Particularly worth seeing is the Franklin D. Roosevelt Four Freedoms Park, the park located on the southern tip of the island, a tribute to President Rooselvet, where stands the ruins of an old hospital covered with ivy, the Smallpox Hospital, and the great staircase that gives access to the extreme tip of the island where a tree-lined avenue leads to a rooftop terrace where you can admire an exceptional view of the southern bay of New York, the skyscrapers of Lower Manhattan to the Statue of Liberty.

Governors Island

Another island to see is Governors Island, it is located between Manhattan and Brooklyn and is reached by ferry departing from Battery Maritime Building, in Lower Manhattan. The island was opened to the public in 2003 and offers many attractions, including old decommissioned military sites, Fort Jay, Castle Williams, the Admiral’s House, and Nolan Park. The island also has a small golf course and can be traversed by bicycle; there is a rental point at the north end, along the 2.5-mile bike path. Above all, from Governors Island you can admire a crazy view of the skyscrapers of Lower Manhattan, the Statue of Liberty, Ellis Island and the New York Bay.

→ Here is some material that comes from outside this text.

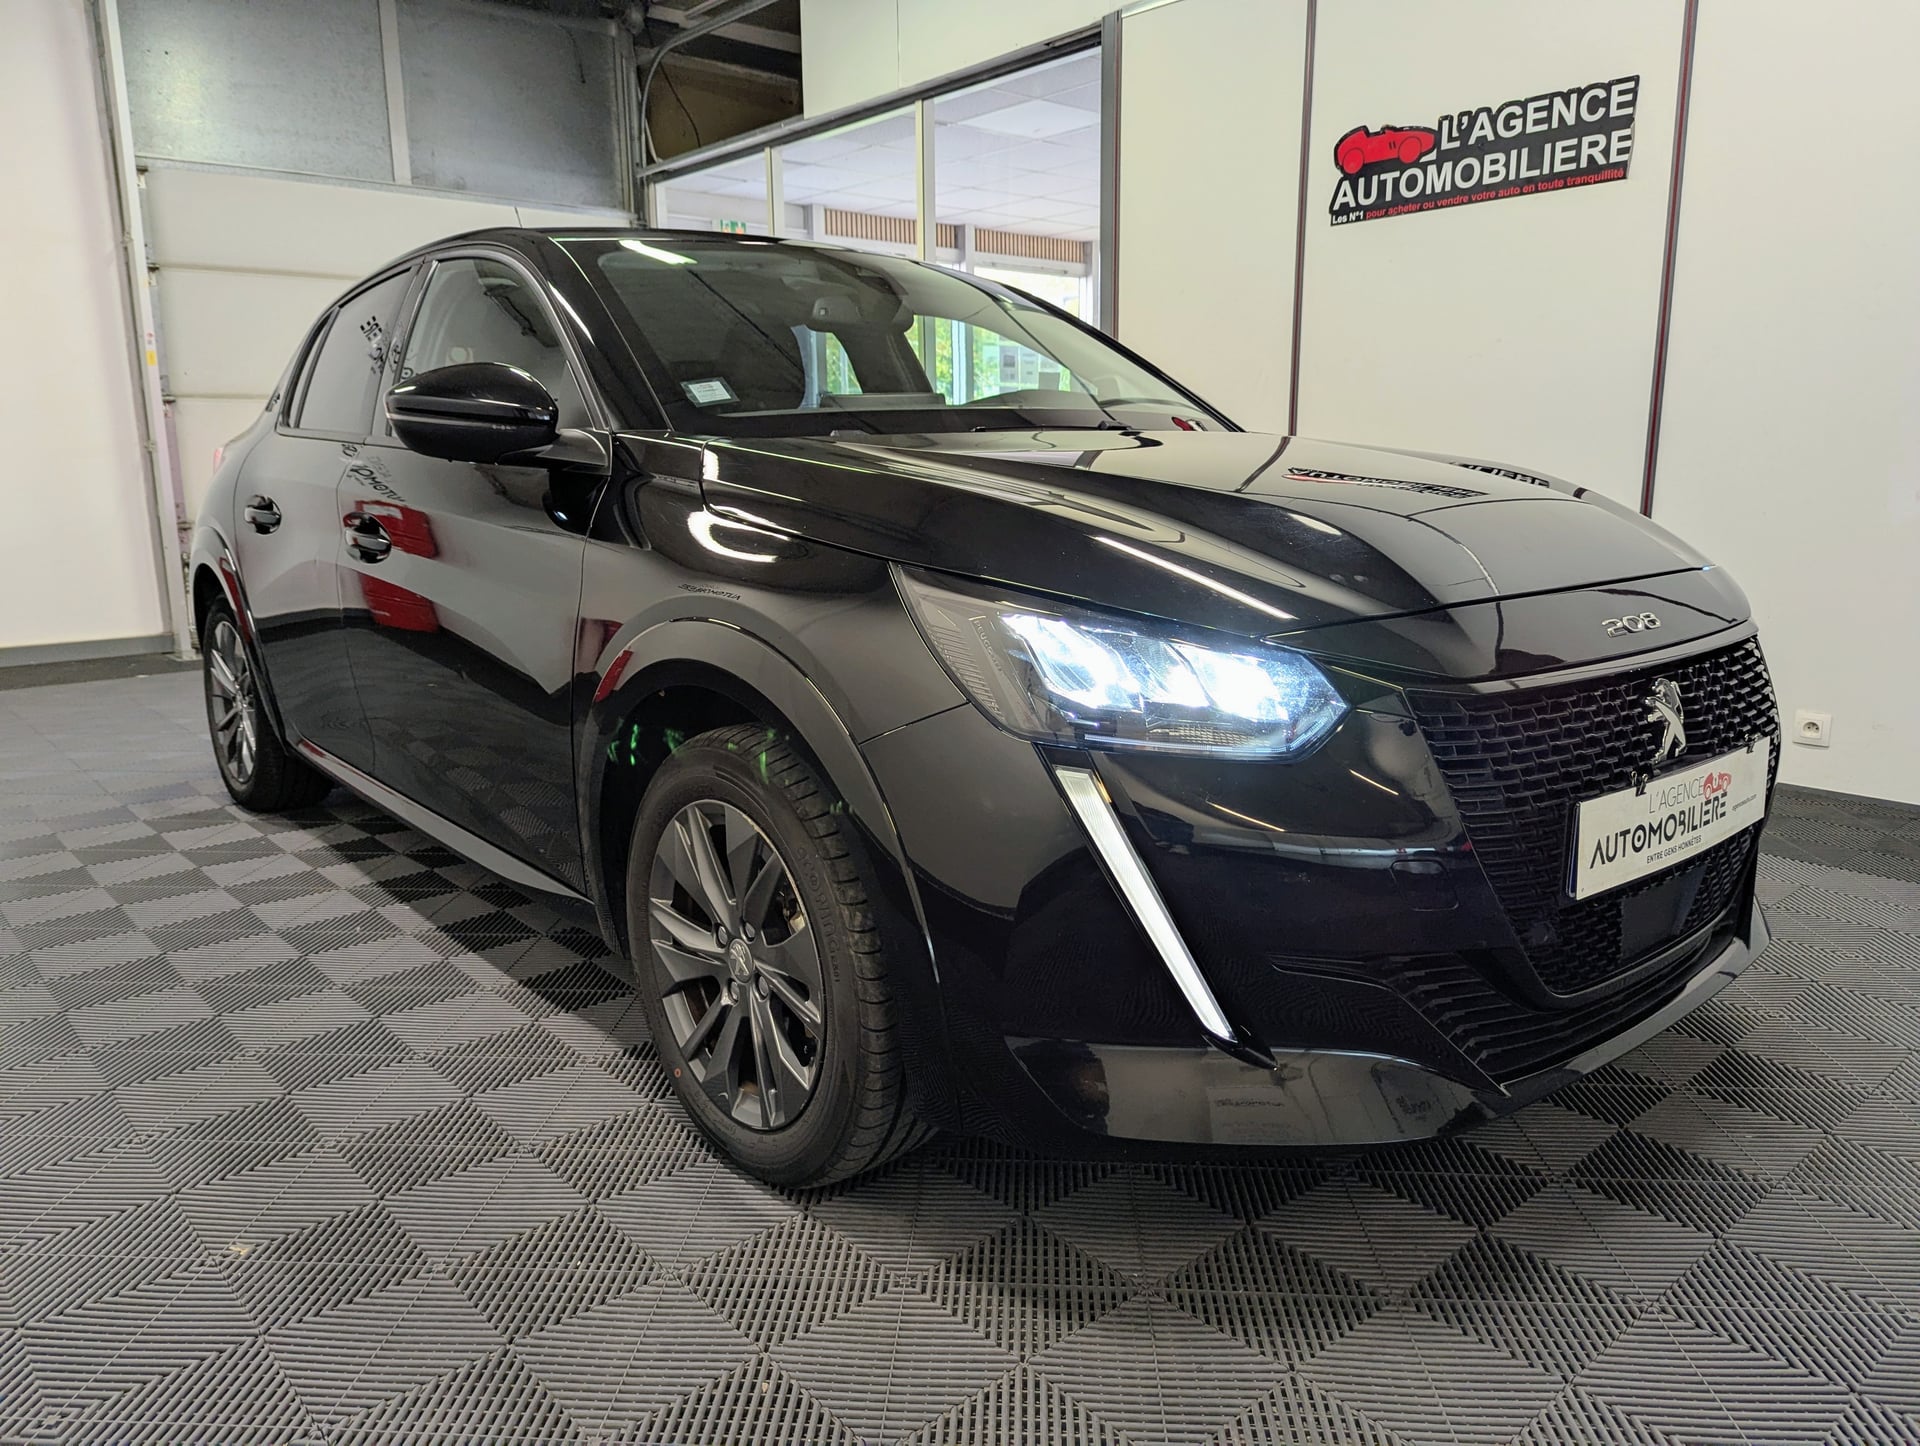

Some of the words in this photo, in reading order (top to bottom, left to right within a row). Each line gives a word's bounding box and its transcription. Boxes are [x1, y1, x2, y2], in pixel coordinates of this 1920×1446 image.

Prospect Park e Audubon Center Boathouse


Another park in New York City that is definitely worth a visit is Prospect Park. It is located in Brooklyn and in its 230 hectares hosts many attractions: the Zoo, LeFrak Center overlooking the lake, The Brooklyn Museum and the Brooklyn Public Library. Not to be missed, here, is the Audubon Center Boathouse, a historic garage of 1905 included in the National Register of Historic Places in the ’70s and converted into a multipurpose center that usually hosts exhibitions,

High Line


The High Line is the most curious and original park in Manhattan. It is located in Manhattan’s Chelsea neighborhood, the Meatpacking district, and sits on the rails of an old decommissioned suspended railroad line. Along an elevated path at a height of 9 meters extends a pedestrian walkway with plants, art installations, local and panoramic views, such as the beautiful one on the Hudson River that pops up between the buildings.